Stored entries:

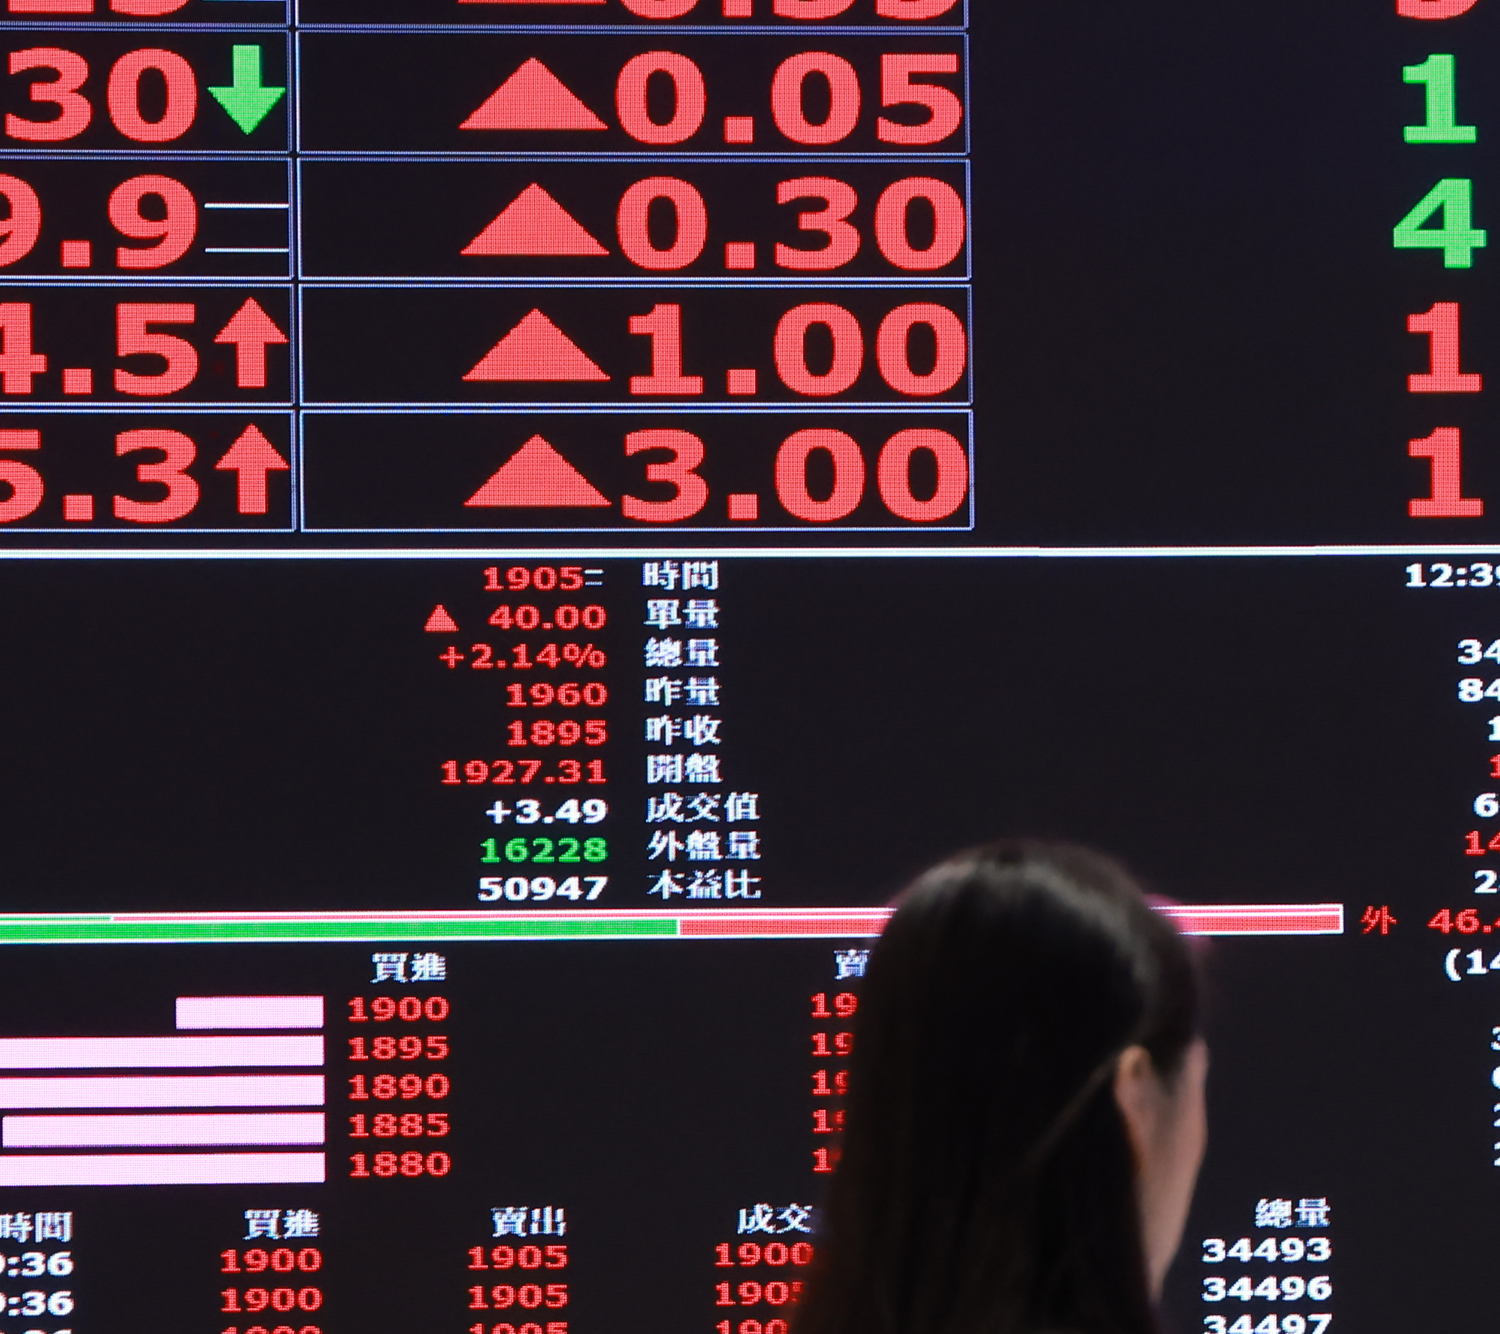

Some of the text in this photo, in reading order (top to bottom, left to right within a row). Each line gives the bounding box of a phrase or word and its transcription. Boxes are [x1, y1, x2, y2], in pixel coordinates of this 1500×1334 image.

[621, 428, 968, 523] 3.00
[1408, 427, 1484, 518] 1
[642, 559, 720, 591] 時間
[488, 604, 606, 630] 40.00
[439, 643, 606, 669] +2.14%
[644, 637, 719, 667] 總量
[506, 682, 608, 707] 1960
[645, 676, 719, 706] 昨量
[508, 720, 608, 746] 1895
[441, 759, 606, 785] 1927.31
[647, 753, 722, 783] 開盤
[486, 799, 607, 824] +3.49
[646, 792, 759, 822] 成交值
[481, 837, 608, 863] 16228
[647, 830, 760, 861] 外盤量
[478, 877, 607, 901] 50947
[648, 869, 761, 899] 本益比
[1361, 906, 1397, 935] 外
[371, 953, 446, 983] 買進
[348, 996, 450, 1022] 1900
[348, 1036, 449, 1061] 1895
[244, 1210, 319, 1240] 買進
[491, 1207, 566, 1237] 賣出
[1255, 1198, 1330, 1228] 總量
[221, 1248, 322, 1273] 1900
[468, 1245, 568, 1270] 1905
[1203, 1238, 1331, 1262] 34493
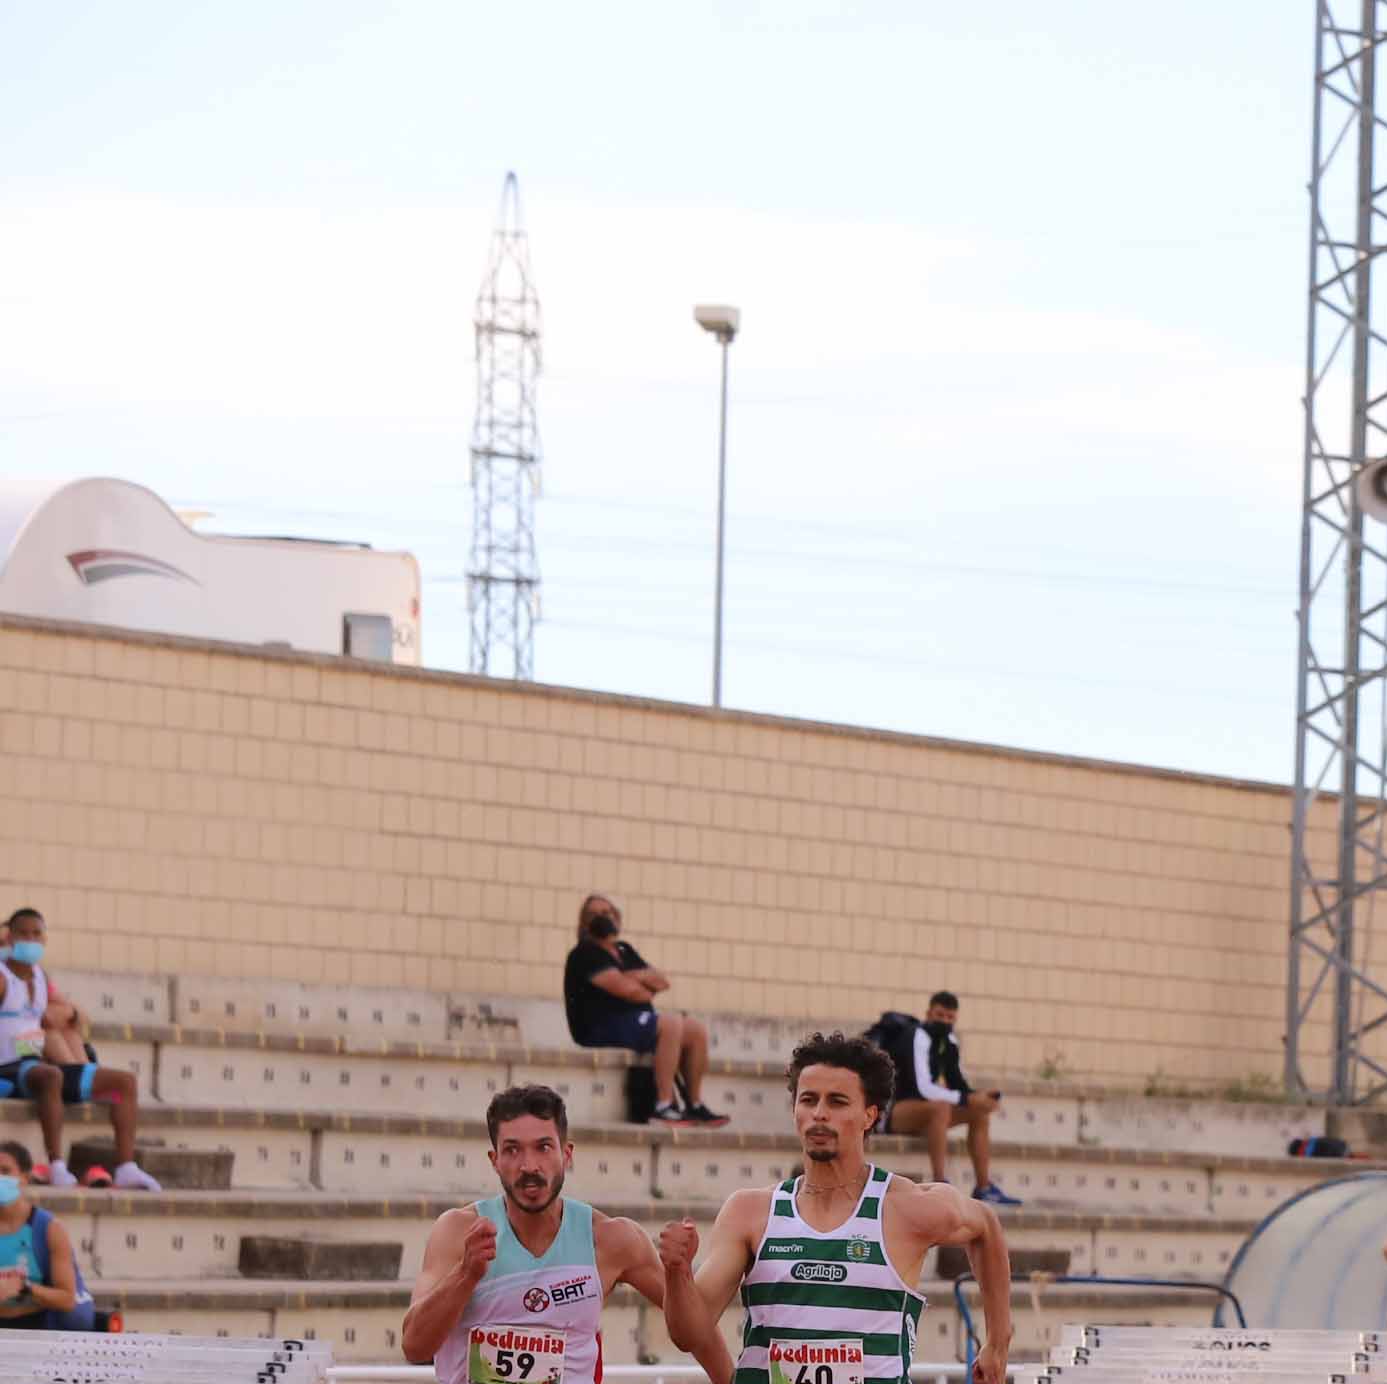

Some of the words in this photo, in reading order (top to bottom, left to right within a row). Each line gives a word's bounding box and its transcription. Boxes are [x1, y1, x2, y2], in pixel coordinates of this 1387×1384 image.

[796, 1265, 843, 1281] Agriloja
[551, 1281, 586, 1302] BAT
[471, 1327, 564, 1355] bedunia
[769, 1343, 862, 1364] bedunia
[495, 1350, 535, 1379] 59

(INSTRUCTIONS FOR THE TASK) Produce a word-for-word copy of the records, omitting all images.

(EXERCISE RESULT)
Some of the text in this photo, in reading order (top to bottom, left to right within a row). Each line gives the bounding box of a phrase or word and its transcription. Boxes are [x1, y1, x2, y2], in pixel coordinates of this 1500×1334 image.

[621, 428, 968, 523] 3.00
[1408, 427, 1484, 518] 1
[642, 559, 720, 591] 時間
[488, 604, 606, 630] 40.00
[439, 643, 606, 669] +2.14%
[644, 637, 719, 667] 總量
[506, 682, 608, 707] 1960
[645, 676, 719, 706] 昨量
[508, 720, 608, 746] 1895
[441, 759, 606, 785] 1927.31
[647, 753, 722, 783] 開盤
[486, 799, 607, 824] +3.49
[646, 792, 759, 822] 成交值
[481, 837, 608, 863] 16228
[647, 830, 760, 861] 外盤量
[478, 877, 607, 901] 50947
[648, 869, 761, 899] 本益比
[1361, 906, 1397, 935] 外
[371, 953, 446, 983] 買進
[348, 996, 450, 1022] 1900
[348, 1036, 449, 1061] 1895
[244, 1210, 319, 1240] 買進
[491, 1207, 566, 1237] 賣出
[1255, 1198, 1330, 1228] 總量
[221, 1248, 322, 1273] 1900
[468, 1245, 568, 1270] 1905
[1203, 1238, 1331, 1262] 34493

Some of the words in this photo, in reading order (top to bottom, left to right within a row). Each line gives a word's bounding box and its transcription. Boxes are [x1, y1, x2, y2], in pixel coordinates of this 1387×1384 image.

[796, 1265, 843, 1281] Agriloja
[551, 1281, 586, 1302] BAT
[471, 1327, 564, 1355] bedunia
[769, 1343, 862, 1364] bedunia
[495, 1350, 535, 1379] 59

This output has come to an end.